-------------------------------------------------------------------------------
help for addinby                                                 (Roger Newson)
-------------------------------------------------------------------------------

Add in data from a disk dataset using a foreign key

addinby keyvarlist using filename [ , missing unmatched(action_spec) nocomplete fast keep(varlist) generate(newvar) sorted nolabel nonotes update replace ]

where keyvarlist is a varlist specifying a list of key variables, and action_spec may be drop, keep or fail.

Description

addinby is a "cleaner" alternative version of merge m:1, designed to reduce the lines of code in Stata do-files.

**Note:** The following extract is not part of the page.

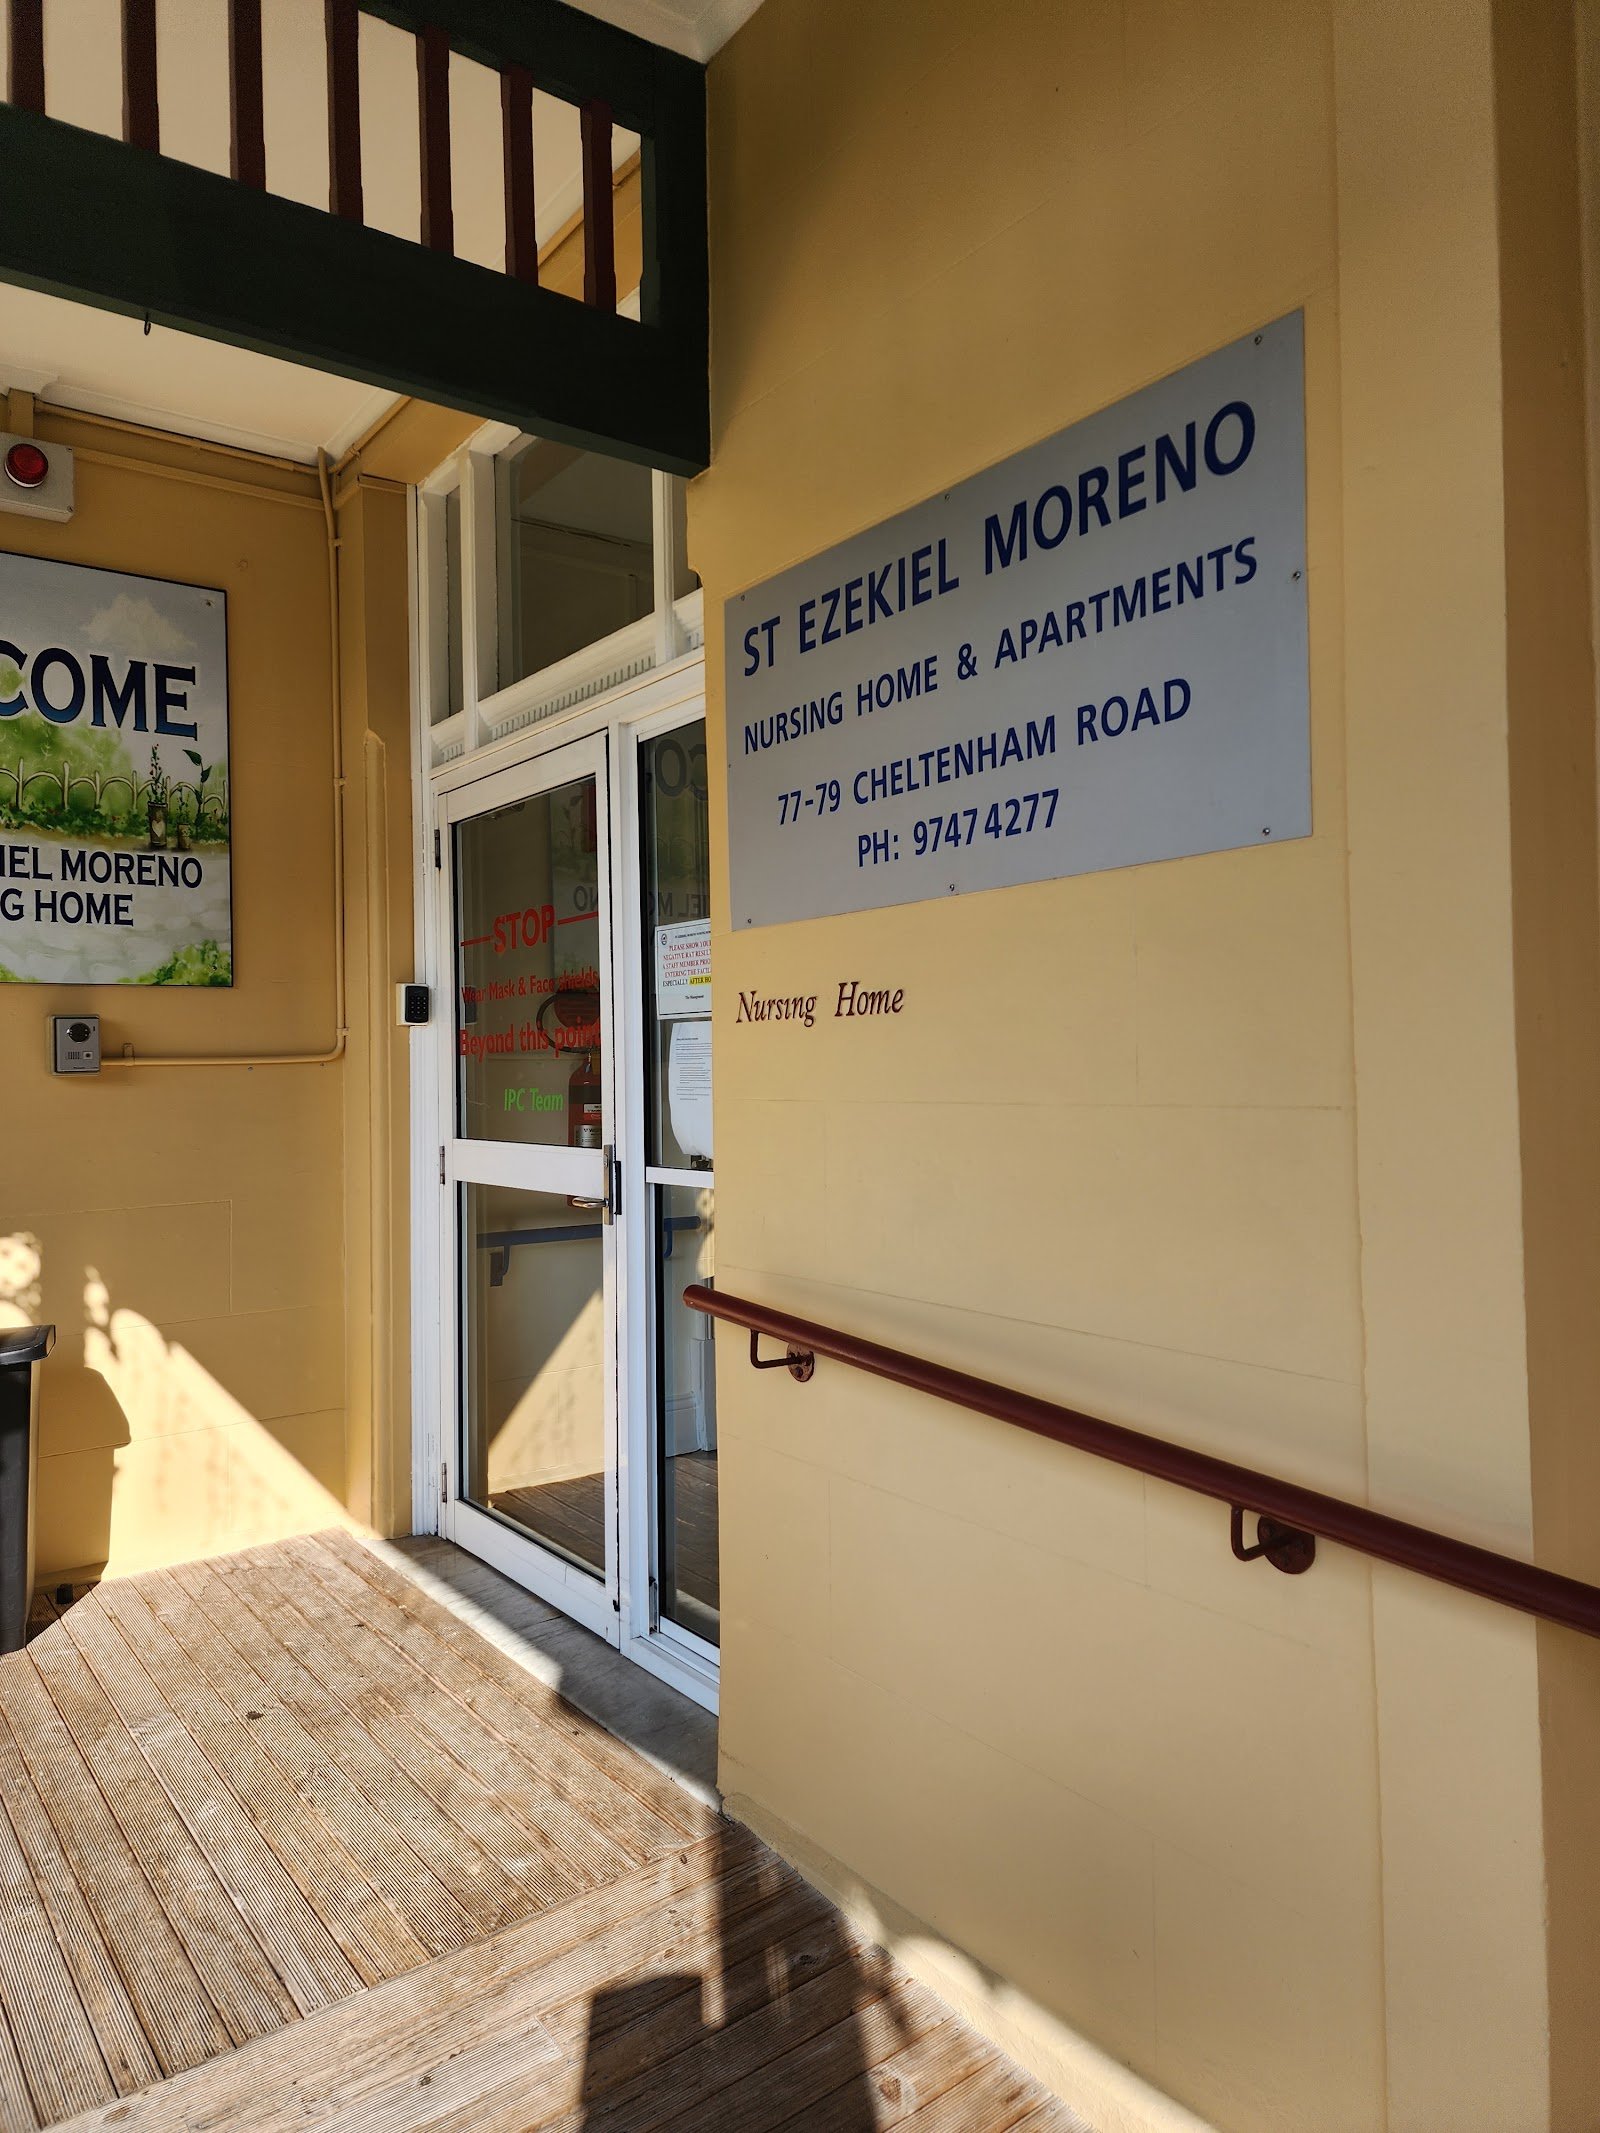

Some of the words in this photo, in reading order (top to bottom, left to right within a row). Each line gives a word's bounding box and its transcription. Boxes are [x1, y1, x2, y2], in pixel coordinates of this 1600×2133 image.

It adds variables and/or values to existing observations in the dataset currently in memory (the master dataset) from a Stata-format dataset stored in the file filename (the using dataset), using a foreign key of variables specified by the keyvarlist to identify observations in the using dataset. These foreign key variables must identify observations in the using dataset uniquely. Unlike merge m:1, addinby always preserves the observations in the master dataset in their original sorting order, and never adds any additional observations, and only generates a matching information variable if requested to do so. However, addinby may optionally check that there are no unmatched observations in the master dataset, and/or check that there are no missing values in the foreign key variables in the master dataset.

Options

missing specifies that missing values are allowed in the variables in the keyvarlist in the master dataset. If missing is not specified, then missing values in the variables in the keyvarlist cause addinby to fail.

unmatched(action_spec) specifies the action to be taken with observations in the master dataset which are unmatched by the foreign key in the using dataset. The possible values of action_spec are drop, keep and fail. If drop is specified, then unmatched observations are dropped from the master dataset, and addinby completes execution without error. If keep is specified, then unmatched observations are kept in the master dataset (with missing values in any variables added from the using dataset), and addinby completes execution without error. If fail is specified, then addinby fails with an error message if there are any unmatched observations in the master dataset. If the unmatched() option is not specified, then unmatched(fail) is assumed.

nocomplete is a shorthand for unmatched(keep). It is ignored if the unmatched() option is specified.

fast is an option for programmers. It specifies that addinby will take no action to restore the existing master dataset in memory in the event of failure. If fast is not specified, then addinby will take this action, which uses an amount of time depending on the size of the dataset in memory.

keep(varlist) specifies the variables to be kept from the using dataset. If keep() is not specified, then all variables are kept.

generate(newvar) specifies the name of a new variable to be generated, containing match results information, and coded as the variable generated by the generate() option of merge. If generate() is not specified, then no match results variable is generated.

sorted specifies that the using dataset is already sorted by the keyvarlist. If sorted is not specified, then addinby creates a temporary copy of the using dataset in the memory, and sorts it before merging it into the master dataset. If the using dataset is very large, then this may possibly use a lot of time and/or space, which may possibly be saved by specifying sorted.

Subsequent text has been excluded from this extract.